- [SUPPLIED MATERIAL]
== Segment start ==

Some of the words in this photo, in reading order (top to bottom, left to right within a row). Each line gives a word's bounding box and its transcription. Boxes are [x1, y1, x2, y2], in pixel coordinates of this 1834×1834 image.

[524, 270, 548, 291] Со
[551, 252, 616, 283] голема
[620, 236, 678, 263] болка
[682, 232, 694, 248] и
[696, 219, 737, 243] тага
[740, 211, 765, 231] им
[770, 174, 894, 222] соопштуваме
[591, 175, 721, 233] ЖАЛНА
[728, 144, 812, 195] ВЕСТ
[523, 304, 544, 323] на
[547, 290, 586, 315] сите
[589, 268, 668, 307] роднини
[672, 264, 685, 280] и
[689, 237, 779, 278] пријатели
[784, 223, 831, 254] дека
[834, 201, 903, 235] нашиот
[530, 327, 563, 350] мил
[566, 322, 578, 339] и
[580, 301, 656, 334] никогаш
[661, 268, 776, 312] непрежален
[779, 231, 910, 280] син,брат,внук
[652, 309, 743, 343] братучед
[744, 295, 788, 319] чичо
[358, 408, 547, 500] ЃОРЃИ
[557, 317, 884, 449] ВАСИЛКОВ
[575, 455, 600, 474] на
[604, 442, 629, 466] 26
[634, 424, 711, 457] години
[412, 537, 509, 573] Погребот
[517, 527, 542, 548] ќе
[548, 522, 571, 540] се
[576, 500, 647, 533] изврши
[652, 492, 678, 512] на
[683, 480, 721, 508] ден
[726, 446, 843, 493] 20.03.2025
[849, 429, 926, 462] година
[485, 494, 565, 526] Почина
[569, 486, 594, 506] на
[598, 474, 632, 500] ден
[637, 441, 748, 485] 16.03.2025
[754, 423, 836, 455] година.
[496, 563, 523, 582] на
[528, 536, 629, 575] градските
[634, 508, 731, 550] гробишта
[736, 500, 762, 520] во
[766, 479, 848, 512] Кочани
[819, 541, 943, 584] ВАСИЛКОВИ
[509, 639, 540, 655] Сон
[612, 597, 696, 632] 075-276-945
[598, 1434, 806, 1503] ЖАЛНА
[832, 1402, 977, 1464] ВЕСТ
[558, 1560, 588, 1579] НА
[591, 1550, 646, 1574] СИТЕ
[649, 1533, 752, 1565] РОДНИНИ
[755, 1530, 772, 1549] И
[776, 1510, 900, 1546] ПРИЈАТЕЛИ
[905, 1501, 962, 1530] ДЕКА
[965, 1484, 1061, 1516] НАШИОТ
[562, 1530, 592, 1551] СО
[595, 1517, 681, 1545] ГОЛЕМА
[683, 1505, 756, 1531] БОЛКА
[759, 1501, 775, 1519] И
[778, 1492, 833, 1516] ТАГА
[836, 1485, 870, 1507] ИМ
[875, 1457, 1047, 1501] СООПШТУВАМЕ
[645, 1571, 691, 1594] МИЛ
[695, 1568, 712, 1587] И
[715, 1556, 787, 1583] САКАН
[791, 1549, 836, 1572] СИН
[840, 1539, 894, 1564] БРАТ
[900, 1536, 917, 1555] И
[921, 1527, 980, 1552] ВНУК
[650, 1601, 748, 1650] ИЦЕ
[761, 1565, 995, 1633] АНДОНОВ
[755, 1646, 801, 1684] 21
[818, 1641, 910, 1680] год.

== Segment end ==

- [REQUIRED ACTION] Your reply should hold all the entries, each repeated without a single change.

- [ANSWER TO THIS EXERCISE]
Some of the words in this photo, in reading order (top to bottom, left to right within a row). Each line gives a word's bounding box and its transcription. Boxes are [x1, y1, x2, y2], in pixel coordinates of this 1834×1834 image.

[524, 270, 548, 291] Со
[551, 252, 616, 283] голема
[620, 236, 678, 263] болка
[682, 232, 694, 248] и
[696, 219, 737, 243] тага
[740, 211, 765, 231] им
[770, 174, 894, 222] соопштуваме
[591, 175, 721, 233] ЖАЛНА
[728, 144, 812, 195] ВЕСТ
[523, 304, 544, 323] на
[547, 290, 586, 315] сите
[589, 268, 668, 307] роднини
[672, 264, 685, 280] и
[689, 237, 779, 278] пријатели
[784, 223, 831, 254] дека
[834, 201, 903, 235] нашиот
[530, 327, 563, 350] мил
[566, 322, 578, 339] и
[580, 301, 656, 334] никогаш
[661, 268, 776, 312] непрежален
[779, 231, 910, 280] син,брат,внук
[652, 309, 743, 343] братучед
[744, 295, 788, 319] чичо
[358, 408, 547, 500] ЃОРЃИ
[557, 317, 884, 449] ВАСИЛКОВ
[575, 455, 600, 474] на
[604, 442, 629, 466] 26
[634, 424, 711, 457] години
[412, 537, 509, 573] Погребот
[517, 527, 542, 548] ќе
[548, 522, 571, 540] се
[576, 500, 647, 533] изврши
[652, 492, 678, 512] на
[683, 480, 721, 508] ден
[726, 446, 843, 493] 20.03.2025
[849, 429, 926, 462] година
[485, 494, 565, 526] Почина
[569, 486, 594, 506] на
[598, 474, 632, 500] ден
[637, 441, 748, 485] 16.03.2025
[754, 423, 836, 455] година.
[496, 563, 523, 582] на
[528, 536, 629, 575] градските
[634, 508, 731, 550] гробишта
[736, 500, 762, 520] во
[766, 479, 848, 512] Кочани
[819, 541, 943, 584] ВАСИЛКОВИ
[509, 639, 540, 655] Сон
[612, 597, 696, 632] 075-276-945
[598, 1434, 806, 1503] ЖАЛНА
[832, 1402, 977, 1464] ВЕСТ
[558, 1560, 588, 1579] НА
[591, 1550, 646, 1574] СИТЕ
[649, 1533, 752, 1565] РОДНИНИ
[755, 1530, 772, 1549] И
[776, 1510, 900, 1546] ПРИЈАТЕЛИ
[905, 1501, 962, 1530] ДЕКА
[965, 1484, 1061, 1516] НАШИОТ
[562, 1530, 592, 1551] СО
[595, 1517, 681, 1545] ГОЛЕМА
[683, 1505, 756, 1531] БОЛКА
[759, 1501, 775, 1519] И
[778, 1492, 833, 1516] ТАГА
[836, 1485, 870, 1507] ИМ
[875, 1457, 1047, 1501] СООПШТУВАМЕ
[645, 1571, 691, 1594] МИЛ
[695, 1568, 712, 1587] И
[715, 1556, 787, 1583] САКАН
[791, 1549, 836, 1572] СИН
[840, 1539, 894, 1564] БРАТ
[900, 1536, 917, 1555] И
[921, 1527, 980, 1552] ВНУК
[650, 1601, 748, 1650] ИЦЕ
[761, 1565, 995, 1633] АНДОНОВ
[755, 1646, 801, 1684] 21
[818, 1641, 910, 1680] год.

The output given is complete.